= AIM OF THE TASK =
What is needed is the full set of records, word for word, with no pictures.

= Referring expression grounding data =
------------------------
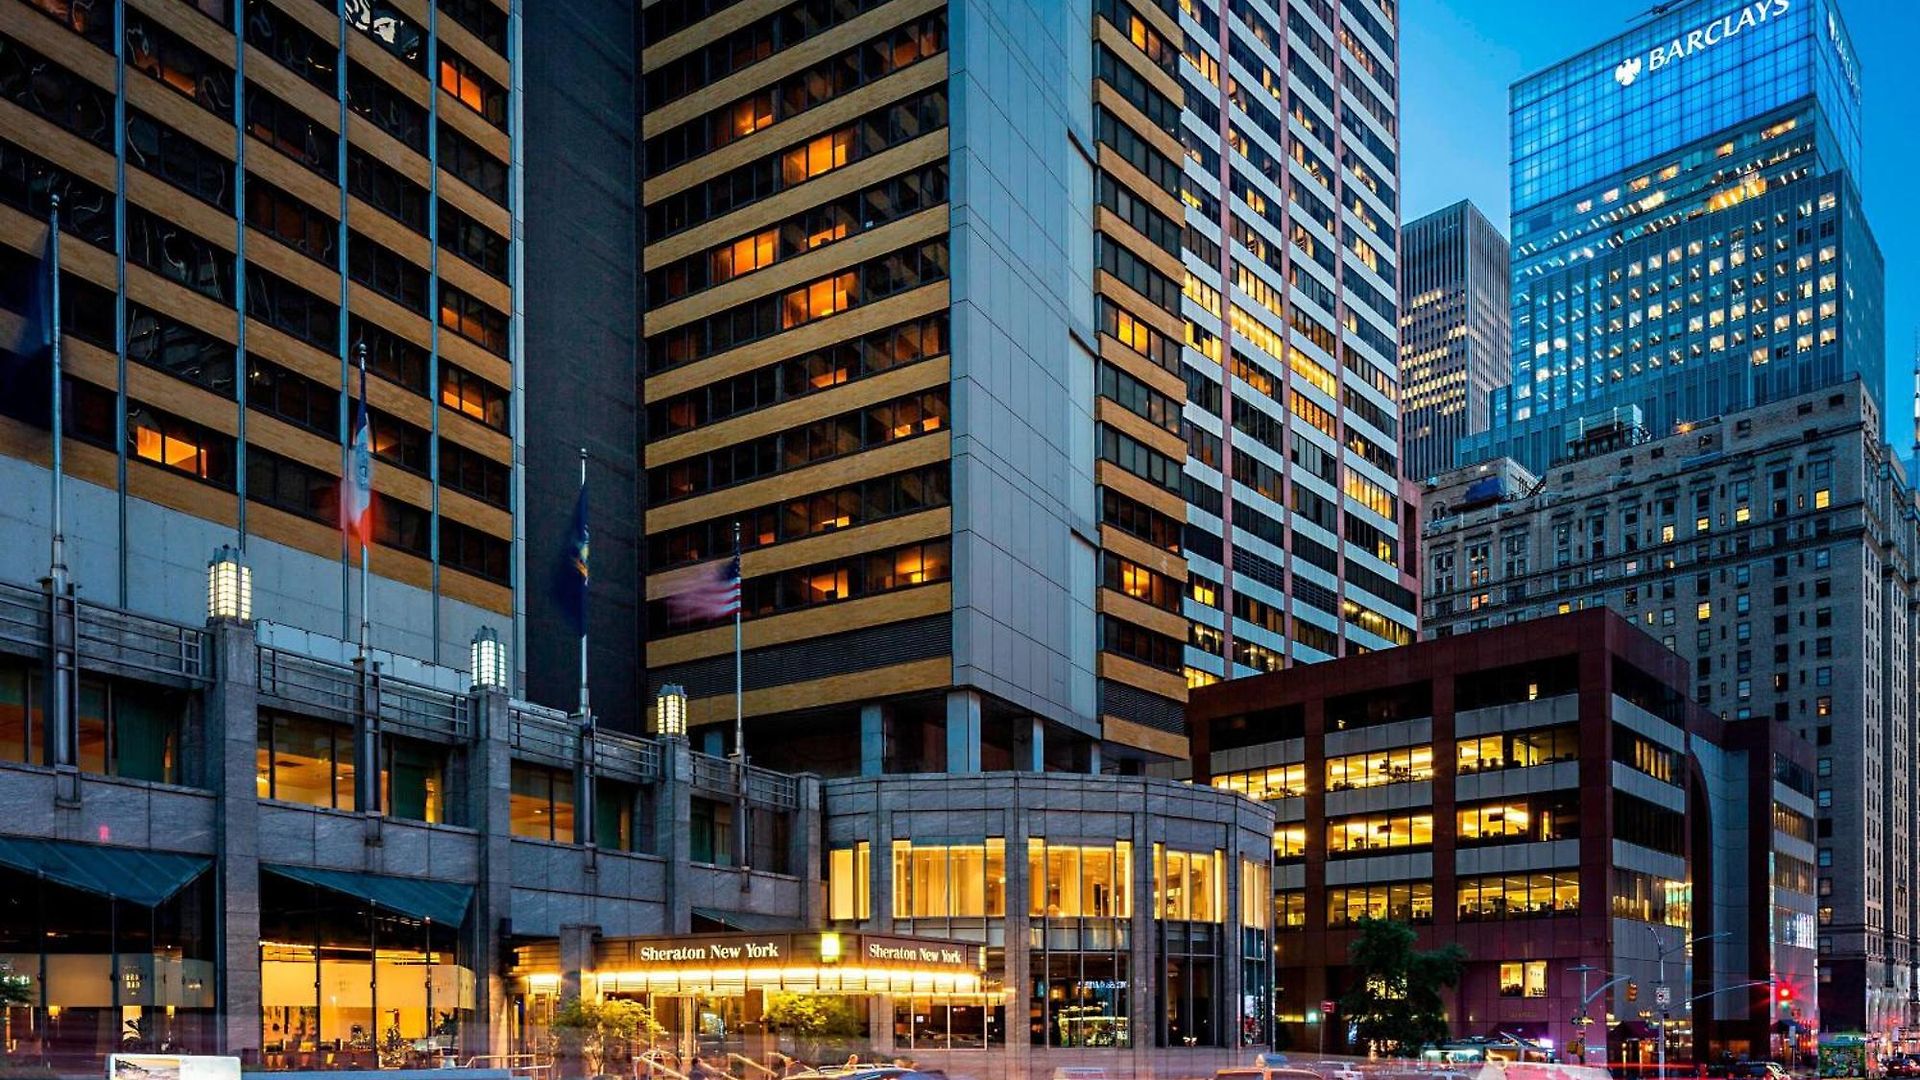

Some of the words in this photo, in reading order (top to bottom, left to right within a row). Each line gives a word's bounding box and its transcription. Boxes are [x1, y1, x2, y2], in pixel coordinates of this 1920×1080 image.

[1648, 0, 1789, 72] BARCLAYS
[640, 946, 706, 961] Sheraton
[710, 944, 741, 959] New
[745, 942, 779, 958] York
[869, 943, 916, 961] Sheraton
[919, 947, 939, 962] New
[941, 949, 962, 964] York
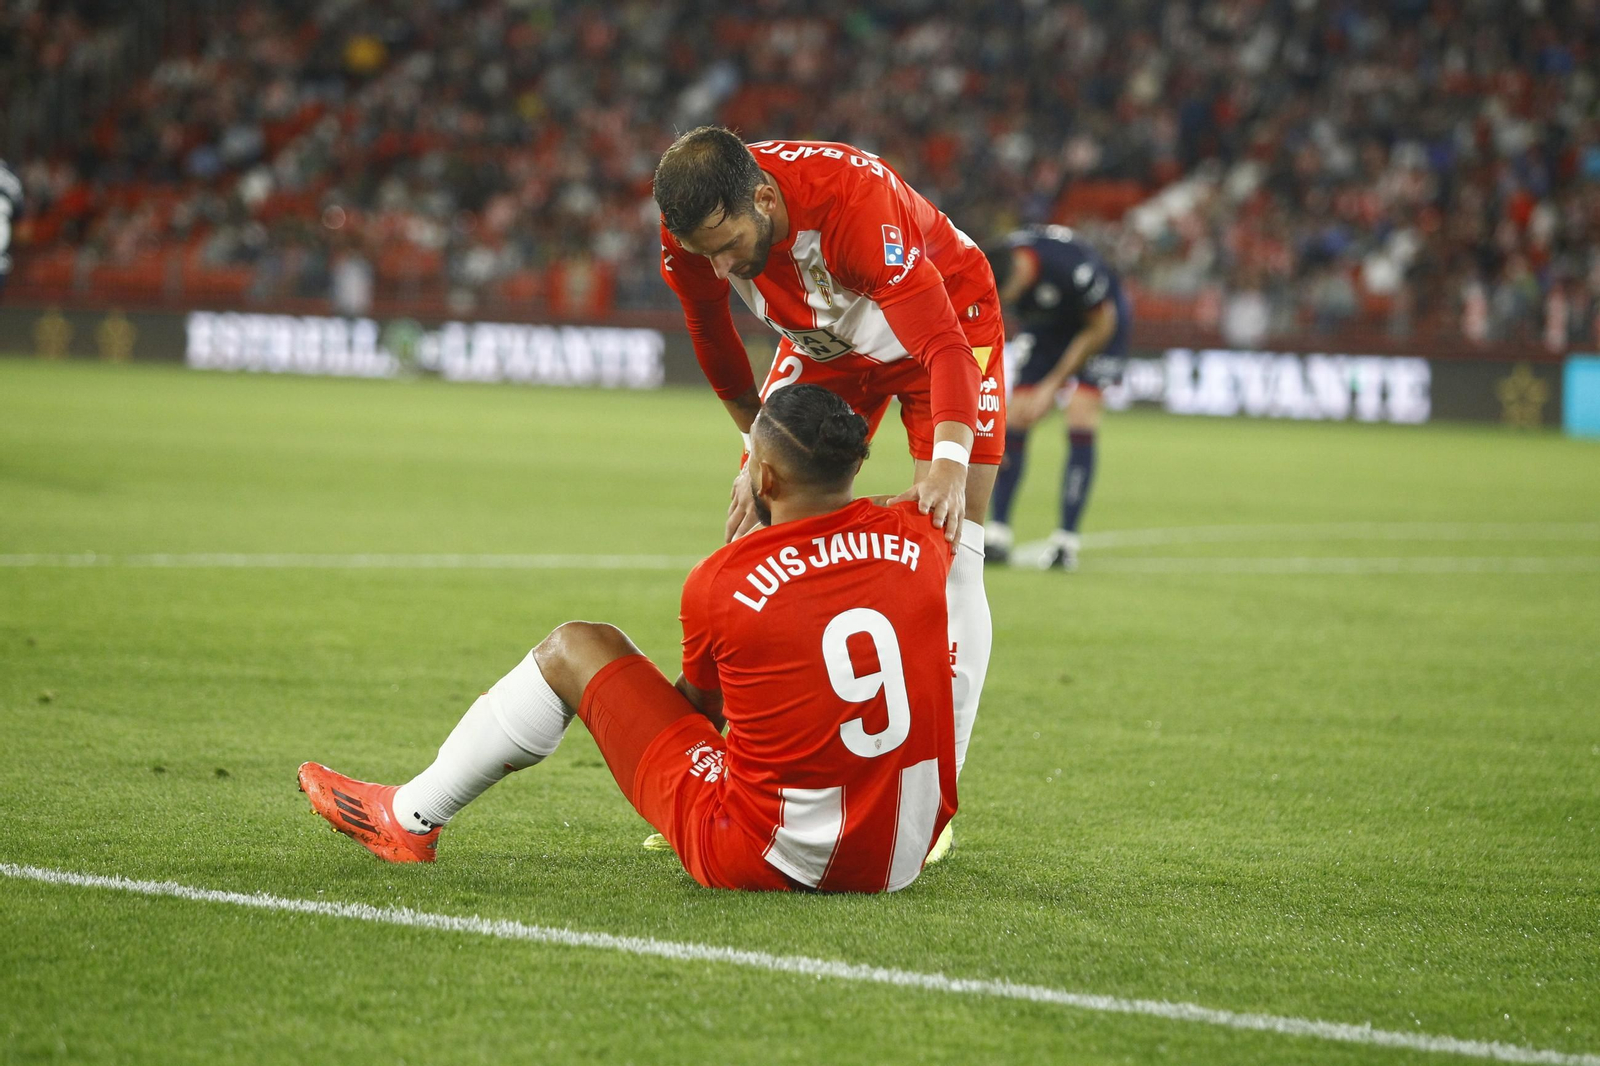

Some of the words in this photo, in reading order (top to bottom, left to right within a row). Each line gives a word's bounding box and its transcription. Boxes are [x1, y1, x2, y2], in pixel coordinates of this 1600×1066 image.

[978, 394, 1000, 412] UDU
[733, 546, 807, 613] LUIS
[808, 531, 921, 572] JAVIER
[821, 607, 911, 758] 9
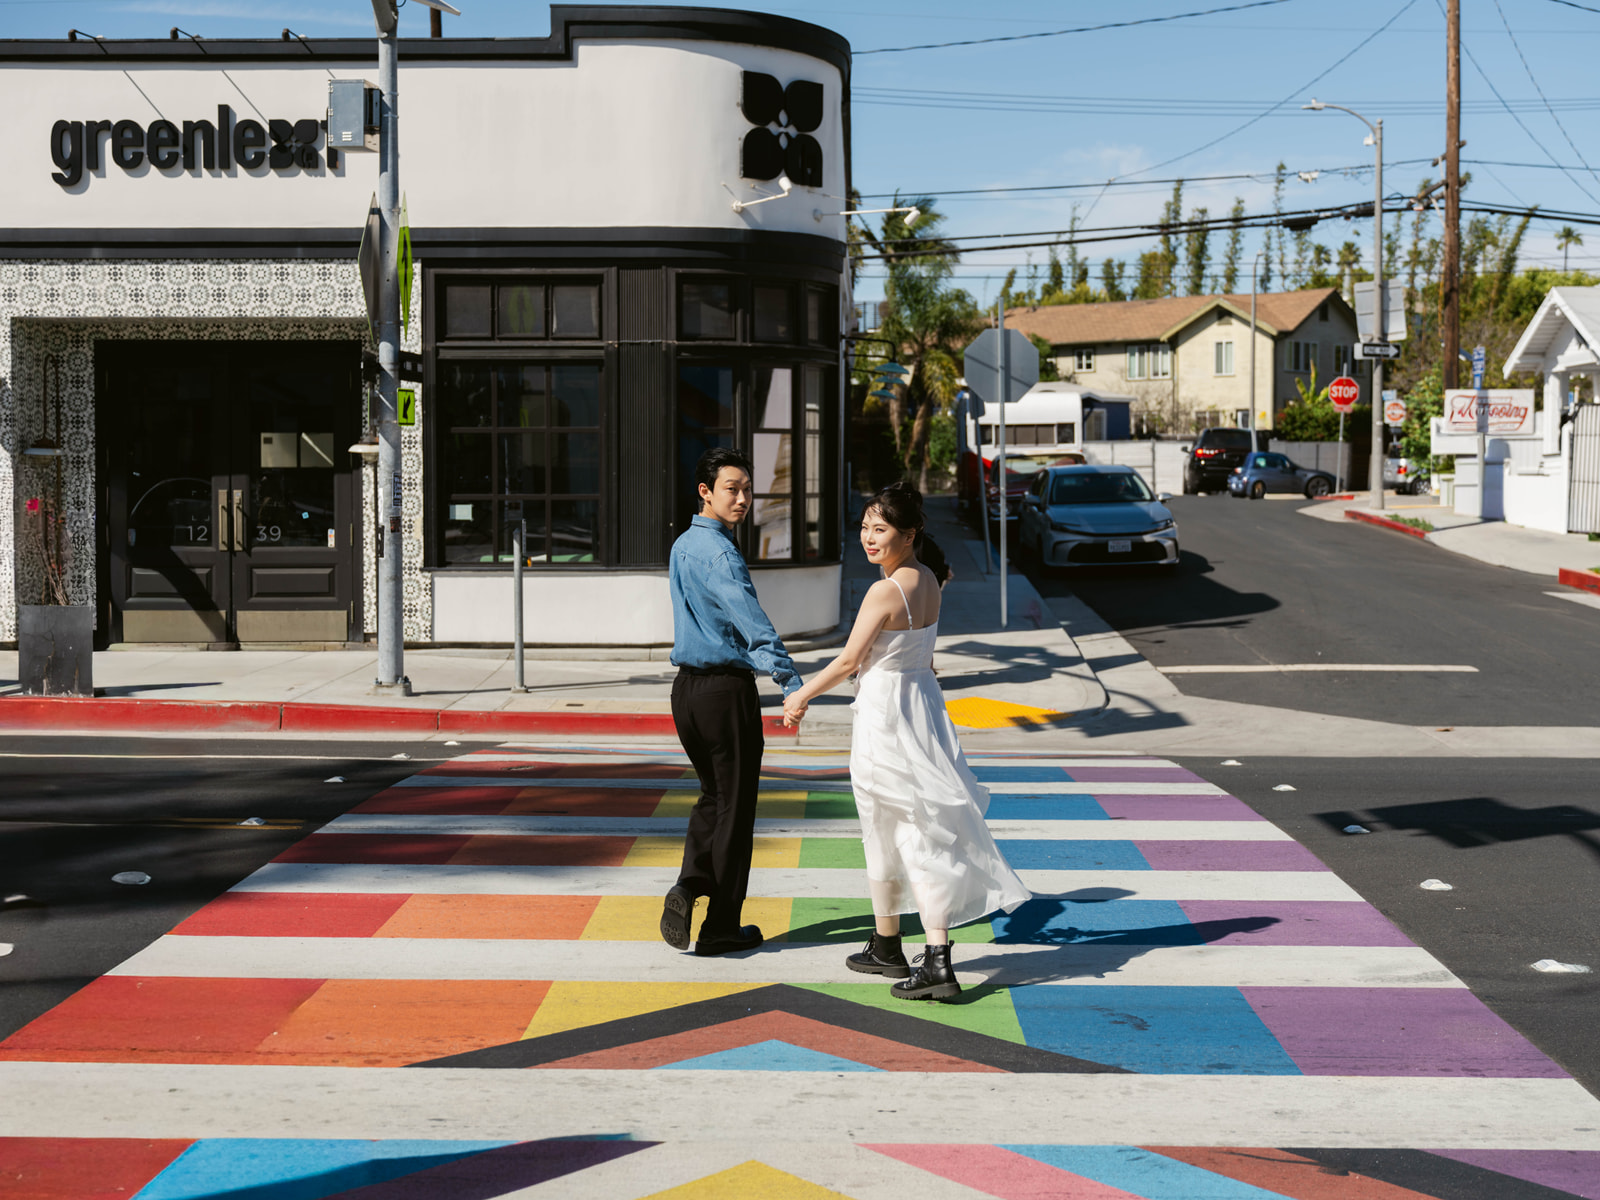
------------------------
= RESULT OF THE EXERCISE =
Some of the words in this photo, in reading order (top to bottom, left to right within a row). Each line gives a word's bounding box and its transcription. Boxes are [x1, y1, x2, y2], in pixel coordinates of this 1920×1080 image.

[1648, 0, 1789, 72] BARCLAYS
[640, 946, 706, 961] Sheraton
[710, 944, 741, 959] New
[745, 942, 779, 958] York
[869, 943, 916, 961] Sheraton
[919, 947, 939, 962] New
[941, 949, 962, 964] York

Some of the words in this photo, in reading order (top to bottom, left to right within a row). Each line gives a word's bounding box and its transcription. Boxes are [x1, y1, x2, y2], in pixel coordinates of this 1600×1066 image.

[978, 394, 1000, 412] UDU
[733, 546, 807, 613] LUIS
[808, 531, 921, 572] JAVIER
[821, 607, 911, 758] 9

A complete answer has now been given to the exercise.